Les préjugés sont nombreux sur les seniors. En 1er lieu, ils seraient plus souvent plus malades et donc plus souvent absents au travail. Une étude sur l’absentéisme de Malakoff Humanis (1) montre l’inverse. Entre 2016 et 2022, 42 % des salariés âgés de 18 à 34 ans se sont vus prescrire un arrêt de travail, contre 34 % pour les 50 ans et plus.

Autre frein exprimé par les recruteurs sur le seniors : leur inadaptation présumée aux nouvelles technologies et leurs difficultés d’intégration dans les équipes. Pourtant, selon un récent sondage Ifop pour Freelance.com (2), « 52% des seniors interrogés souhaiteraient élargir le champ d’intervention au sein de leur emploi actuel, en exerçant d’autres missions ou en intervenant sur des projets transversaux » et « 69% aimeraient avoir la possibilité de faciliter l’intégration de plus jeunes salariés au sein de leur emploi actuel ». Visiblement, les seniors sont prêts à sortir de leur zone de confort, et expriment le désir de transmettre ; ils ne craignent pas de collaborer avec les jeunes générations, bien au contraire !

Autre difficulté invoquée à l’égard des seniors : les managers craignent de ne pas savoir les encadrer. Soit, mais l’art du management s’apprend, c’est sûrement un des sujets sur lesquels les entreprises proposent le plus de formations … Par conséquent, manager des seniors s’apprend, à l’heure où les entreprises développent la diversité et l’inclusion !

  1. Les seniors : une ressource à choyer pour l’entreprise

Alors que les entreprises travaillent à attirer la génération Z qui exprime d’autres attentes que ses aînés au travail, il convient de rappeler que le vieillissement démographique de la population ne laisse pas le choix aux entreprises : elles vont devoir composer dans les années à venir avec les générations X et Y, déjà intégrées dans le monde du travail.
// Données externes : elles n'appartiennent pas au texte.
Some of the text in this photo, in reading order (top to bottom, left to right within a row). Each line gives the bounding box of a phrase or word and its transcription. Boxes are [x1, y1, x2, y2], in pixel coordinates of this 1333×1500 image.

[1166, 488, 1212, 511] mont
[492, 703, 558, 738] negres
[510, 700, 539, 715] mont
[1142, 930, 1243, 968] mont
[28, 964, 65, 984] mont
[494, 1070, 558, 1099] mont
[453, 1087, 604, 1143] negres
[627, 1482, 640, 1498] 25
En outre, on ne tient pas assez compte de la valeur ajoutée qu’apportent les seniors à l’entreprise, et notamment :

  • Des études montrent que les seniors et la génération X sont bien plus fidèles à l’entreprise que leurs homologues de la génération Z
  • Ils ont un sentiment d’appartenance forte à l’entreprise: toujours dans l’étude Ifop, « 74% sont fiers de travailler pour leur entreprise ». Un avantage pour la cohésion et le rayonnement d’une culture d’entreprise
  • Se priver des seniors, c’est se passer d’une expérience et d’une expertise approfondies. Dans certains métiers techniques, la non-transmission du savoir-faire des aînés peut signer l’arrêt de mort de l’entreprise
  • Un marché du travail en forte tension : pourquoi se passer de l’expérience et des compétences des seniors ?
  • La démographie: la population vieillit et de nouveaux besoins s’expriment. On parle d’ailleurs de « Silver économie ». Qui est le mieux placé pour comprendre les besoins et les attentes de cette population vieillissante ?
  • L’entreprise se nourrit de talents et de points de vue différents. Les seniors apportent une autre manière de réfléchir dans les équipes intergénérationnelles
  • Les seniors ont un carnet d’adresses professionnel précieux pour l’entreprise, comme ils ont aussi une connaissance pointue des dirigeants et des équipes des clients et fournisseurs
  1. Comment fidéliser les salariés seniors ?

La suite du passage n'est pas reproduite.